_WORK INSTRUCTIONS:_ Please output all the entries word for word, without the pictures.

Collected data
Content starts
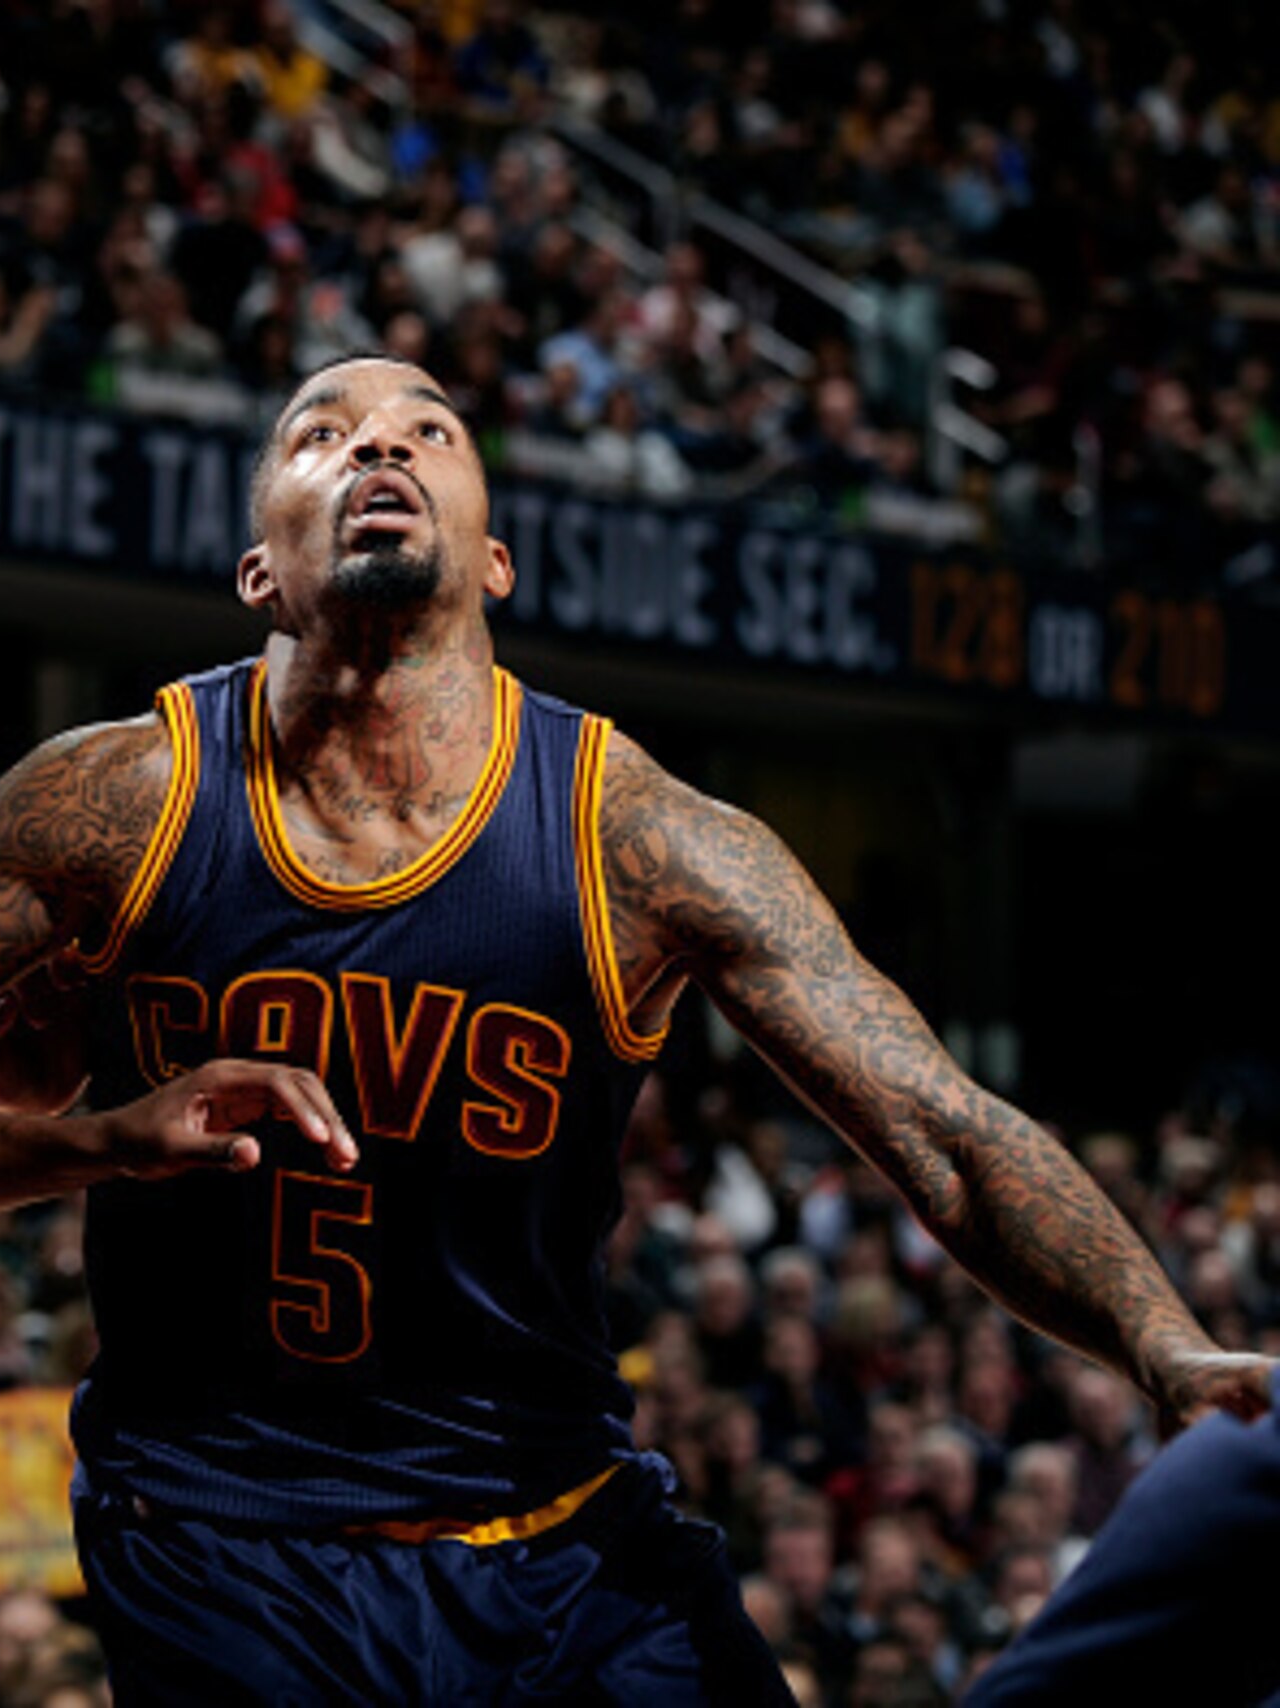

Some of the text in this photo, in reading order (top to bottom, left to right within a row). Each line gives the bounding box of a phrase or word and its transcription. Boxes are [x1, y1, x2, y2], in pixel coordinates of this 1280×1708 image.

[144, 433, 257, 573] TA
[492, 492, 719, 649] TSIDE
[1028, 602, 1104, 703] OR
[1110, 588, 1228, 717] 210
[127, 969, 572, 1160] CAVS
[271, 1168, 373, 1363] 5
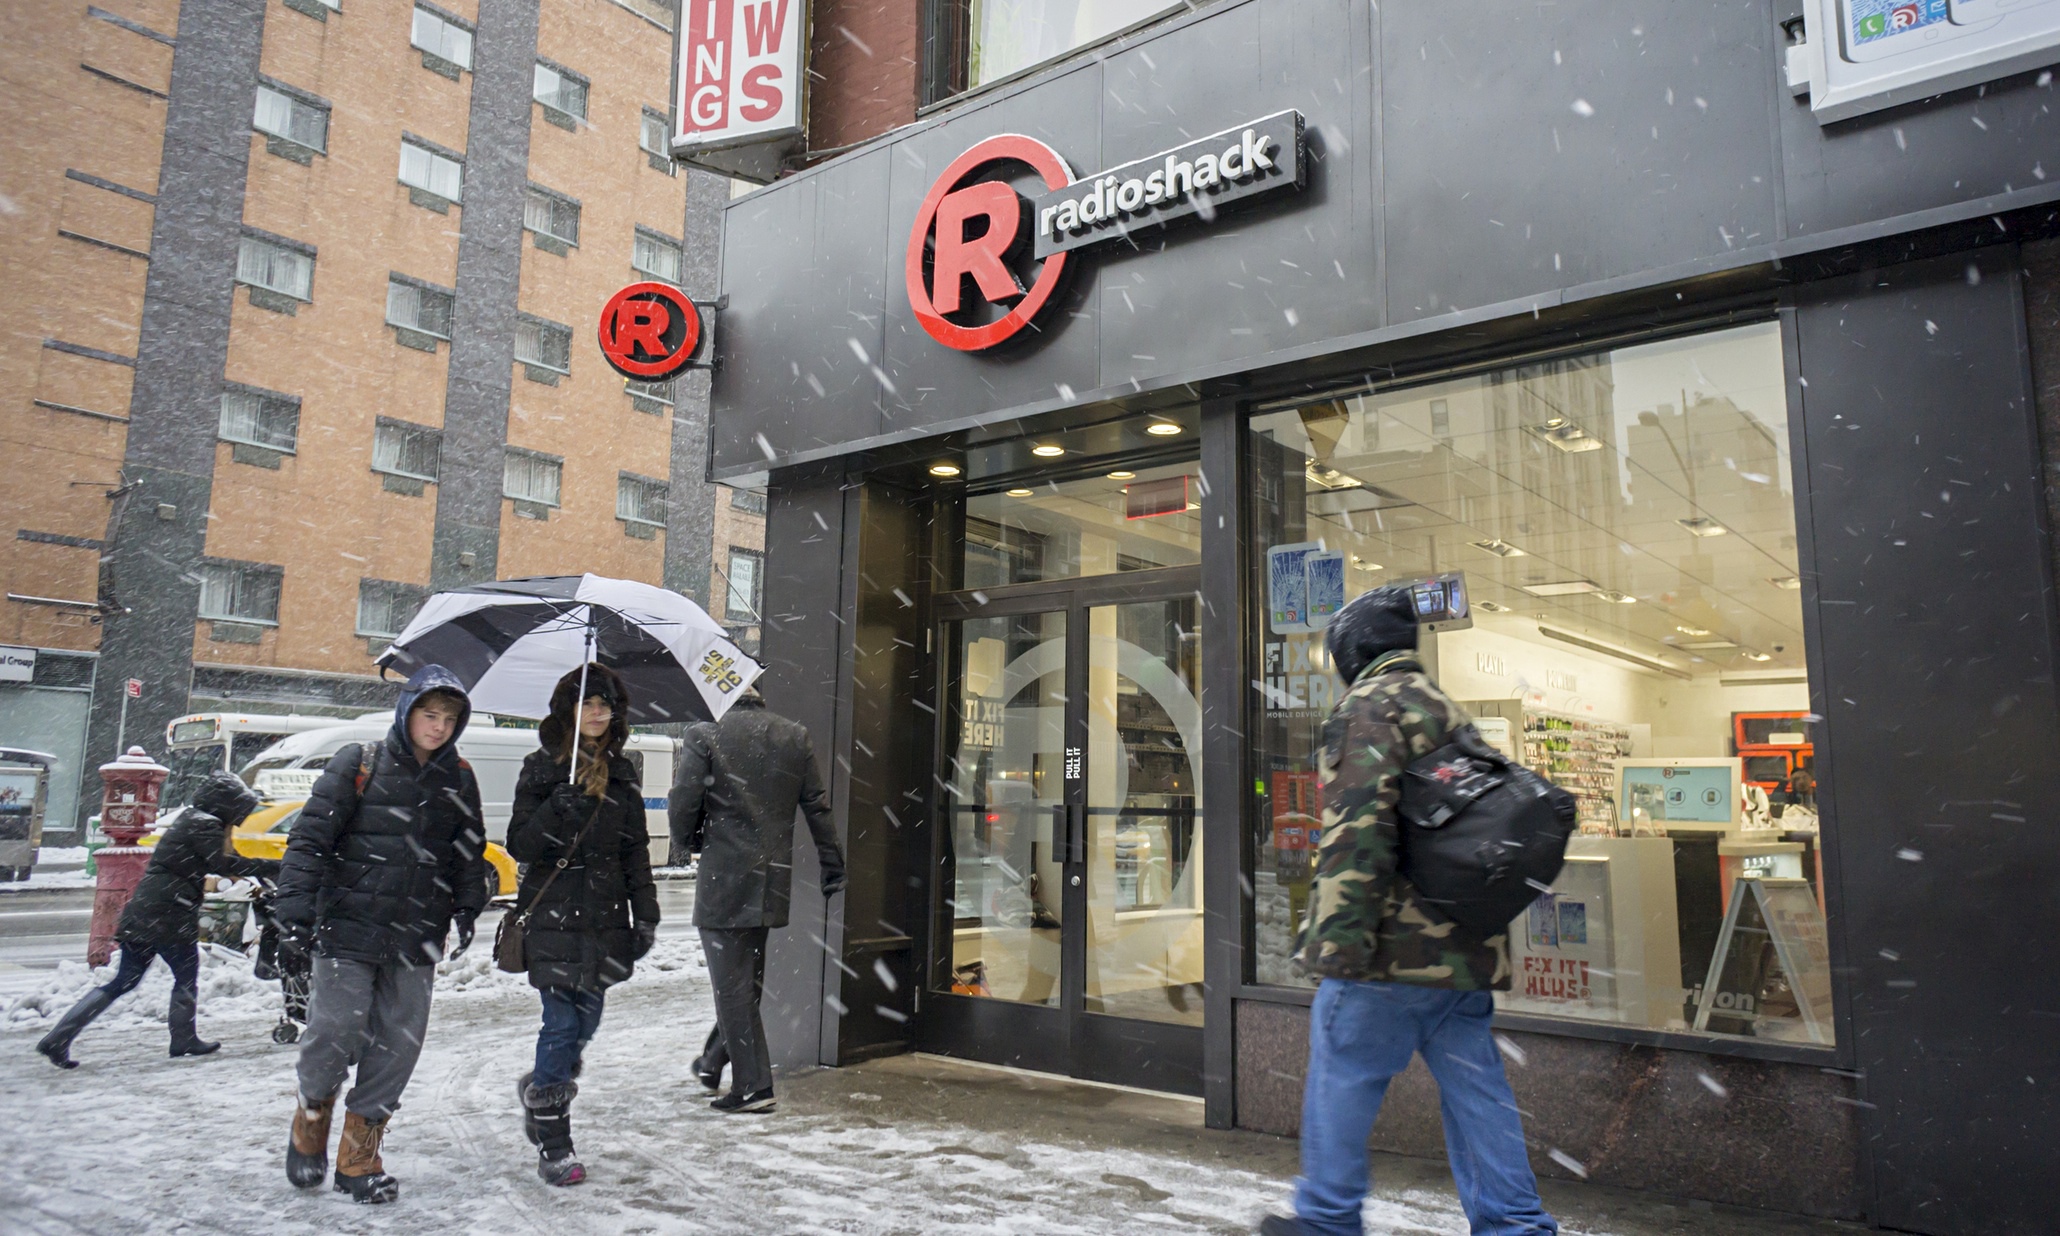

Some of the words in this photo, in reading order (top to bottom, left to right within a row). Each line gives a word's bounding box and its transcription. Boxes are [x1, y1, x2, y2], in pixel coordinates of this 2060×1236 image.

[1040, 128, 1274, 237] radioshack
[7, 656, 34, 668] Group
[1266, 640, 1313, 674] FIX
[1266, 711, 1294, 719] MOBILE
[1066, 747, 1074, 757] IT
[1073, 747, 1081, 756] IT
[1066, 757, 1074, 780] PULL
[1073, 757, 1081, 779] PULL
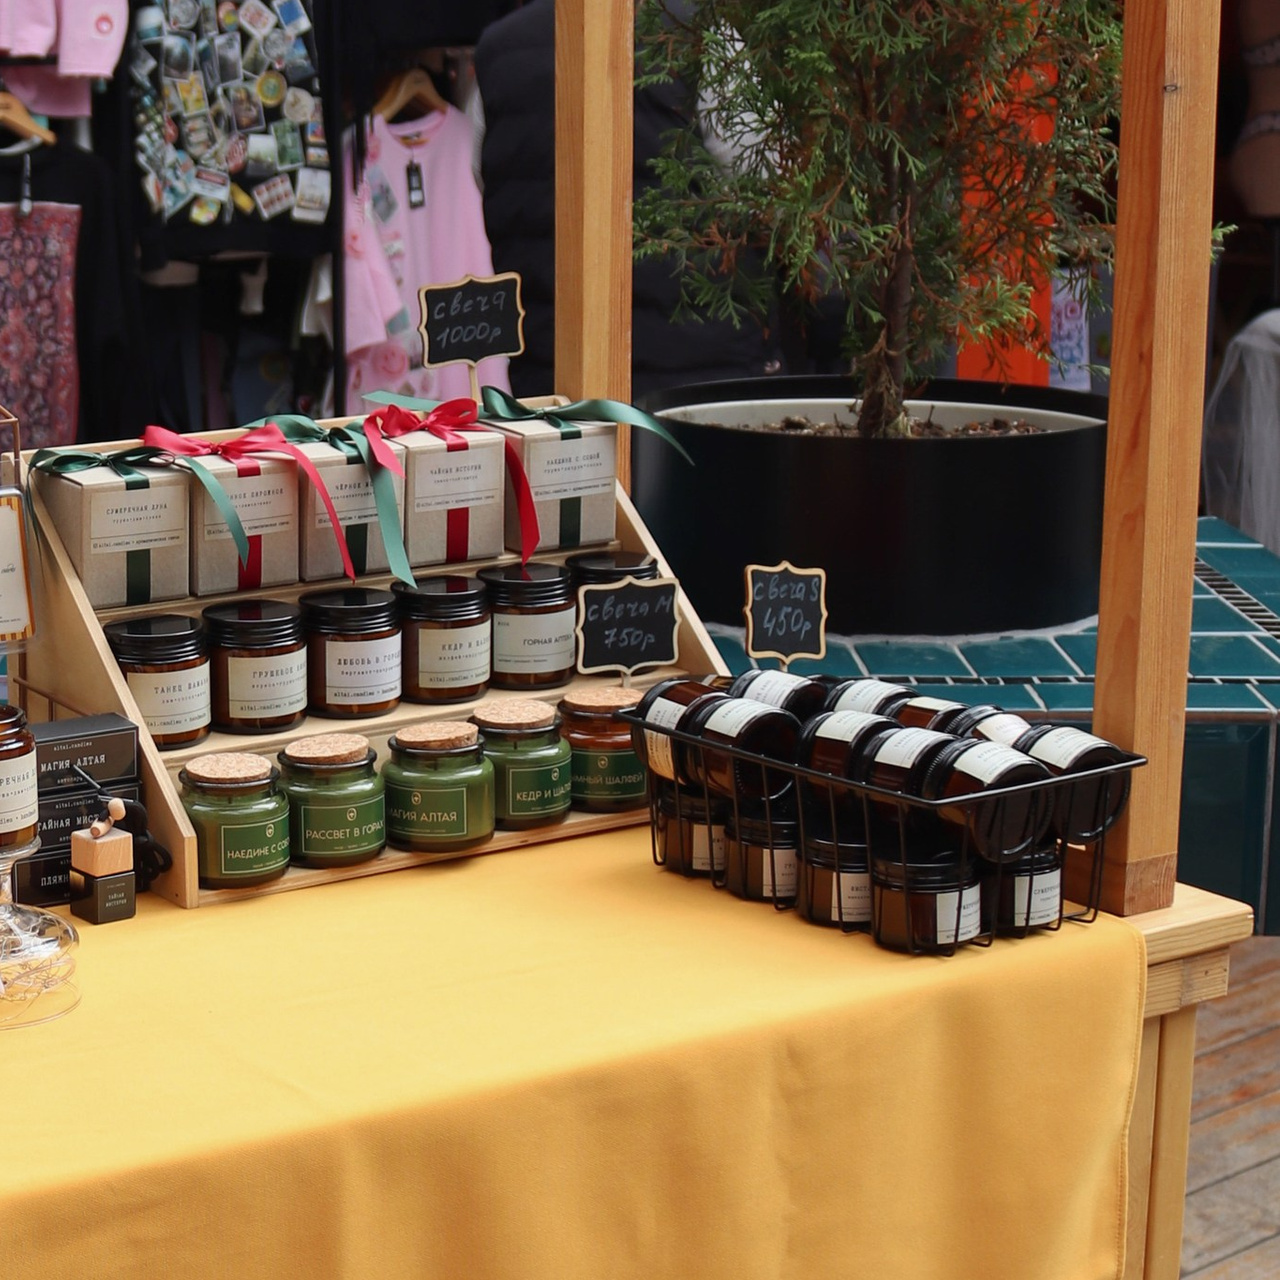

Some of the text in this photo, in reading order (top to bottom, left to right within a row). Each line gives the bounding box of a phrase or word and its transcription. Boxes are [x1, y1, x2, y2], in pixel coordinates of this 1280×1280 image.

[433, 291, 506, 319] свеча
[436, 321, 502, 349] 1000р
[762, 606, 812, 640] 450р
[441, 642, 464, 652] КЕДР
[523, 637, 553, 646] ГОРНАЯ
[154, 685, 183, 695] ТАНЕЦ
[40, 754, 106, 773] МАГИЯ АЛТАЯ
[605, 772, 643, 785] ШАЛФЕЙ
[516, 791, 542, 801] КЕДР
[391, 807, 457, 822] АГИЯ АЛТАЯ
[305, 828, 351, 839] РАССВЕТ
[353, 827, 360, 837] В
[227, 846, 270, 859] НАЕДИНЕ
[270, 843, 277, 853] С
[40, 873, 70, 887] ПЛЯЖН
Content ends
_EXERCISE SOLUTION:_
Some of the text in this photo, in reading order (top to bottom, left to right within a row). Each line gives the bounding box of a phrase or word and its transcription. Boxes are [x1, y1, x2, y2], in pixel coordinates of this 1280×1708 image.

[144, 433, 257, 573] TA
[492, 492, 719, 649] TSIDE
[1028, 602, 1104, 703] OR
[1110, 588, 1228, 717] 210
[127, 969, 572, 1160] CAVS
[271, 1168, 373, 1363] 5

Some of the words in this photo, in reading order (top to bottom, left to right within a row). Each line gives a word's bounding box and its transcription. Boxes are [x1, y1, x2, y2], in pixel coordinates of this 2060×1236 image.

[1040, 128, 1274, 237] radioshack
[7, 656, 34, 668] Group
[1266, 640, 1313, 674] FIX
[1266, 711, 1294, 719] MOBILE
[1066, 747, 1074, 757] IT
[1073, 747, 1081, 756] IT
[1066, 757, 1074, 780] PULL
[1073, 757, 1081, 779] PULL

Some of the text in this photo, in reading order (top to bottom, left to right within a row). Each line gives the bounding box of a phrase or word and its transcription. Boxes are [x1, y1, x2, y2], in pixel coordinates of this 1280×1280 image.

[433, 291, 506, 319] свеча
[436, 321, 502, 349] 1000р
[762, 606, 812, 640] 450р
[441, 642, 464, 652] КЕДР
[523, 637, 553, 646] ГОРНАЯ
[154, 685, 183, 695] ТАНЕЦ
[40, 754, 106, 773] МАГИЯ АЛТАЯ
[605, 772, 643, 785] ШАЛФЕЙ
[516, 791, 542, 801] КЕДР
[391, 807, 457, 822] АГИЯ АЛТАЯ
[305, 828, 351, 839] РАССВЕТ
[353, 827, 360, 837] В
[227, 846, 270, 859] НАЕДИНЕ
[270, 843, 277, 853] С
[40, 873, 70, 887] ПЛЯЖН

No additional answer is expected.